Obama issues $5B in ARRA grants to NIH
Image source: www.whitehouse.gov
In a Wednesday visit to the National Institutes of Health (NIH) campus in Bethesda, Md., President Barack Obama announced $5 billion in grant awards under the American Recovery and Reinvestment Act of 2009 (ARRA) to fund medical research in every state.

The more than 12,000 grant awards are expected to create tens of thousands of jobs over the next two years and are part of an overall $100 billion ARRA investment in science and technology, according to the White House. This endowment is roughly equal to one-sixth of the annual NIH budget and one half of NIH’s ARRA funds.

"We know that this kind of investment will also lead to new jobs: tens of thousands of jobs conducting research, manufacturing and supplying medical equipment and building and modernizing laboratories and research facilities," Obama said.

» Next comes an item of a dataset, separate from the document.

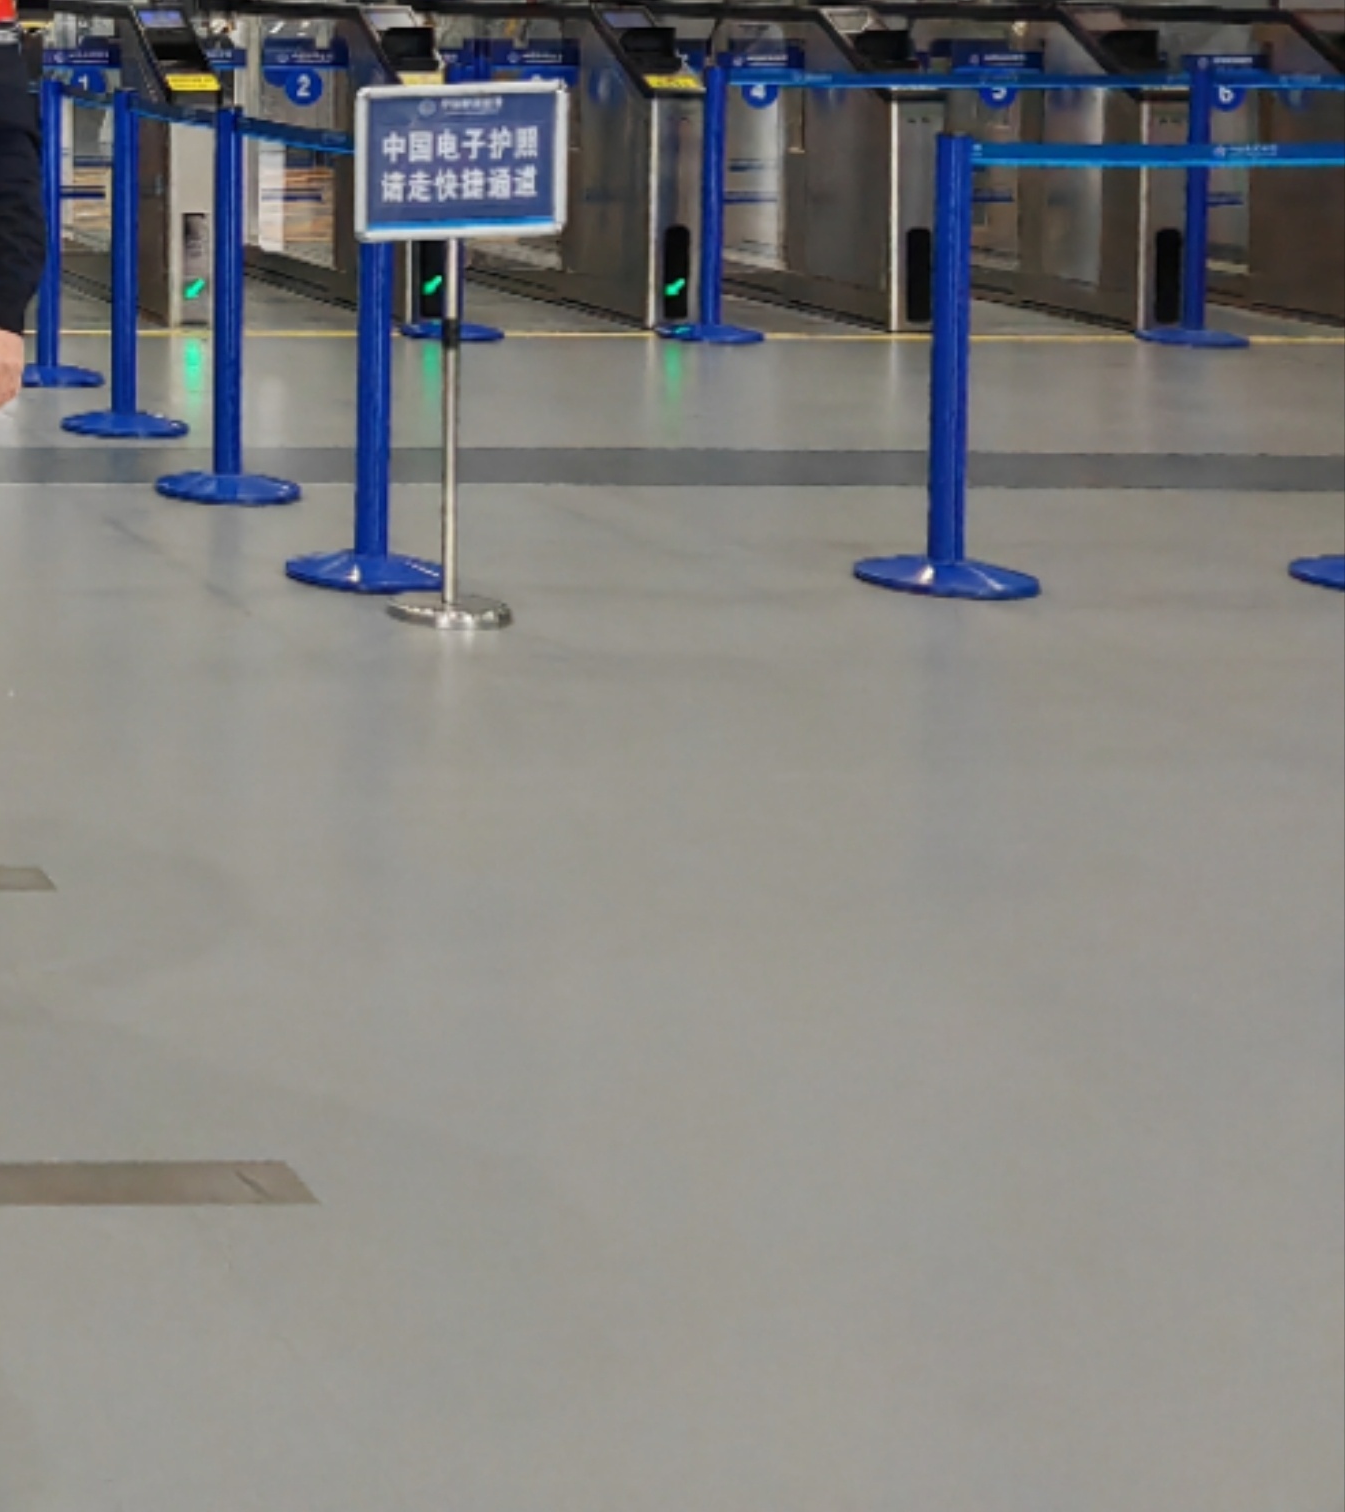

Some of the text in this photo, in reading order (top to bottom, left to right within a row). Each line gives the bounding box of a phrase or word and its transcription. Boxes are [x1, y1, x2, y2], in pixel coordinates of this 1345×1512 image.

[296, 75, 310, 97] 2
[382, 126, 539, 164] 中国电子护照
[381, 165, 538, 204] 请走快捷通道

The grant awards will support medical research from basic research to clinical and translational studies. The ARRA-funded NIH grants are in several areas including heart disease, autism, HIV-AIDS, H1N1 Flu and cancer.

More than $1 billion of the grant funding is dedicated to research applying technology produced by the Human Genome Project between 1990 and 2003, the White House reported. The new funding will pursue studies in genomic changes linked to cancer, heart, lung and blood disease and autism.

The investment also includes $175 million for the Cancer Genome Atlas (TCGA) to collect more than 20,000 tissue samples from more than 20 cancers, and determine in detail the genetic changes in thousands of these tumor samples. The TCGA currently involves more than 150 scientists at dozens of institutions in the U.S.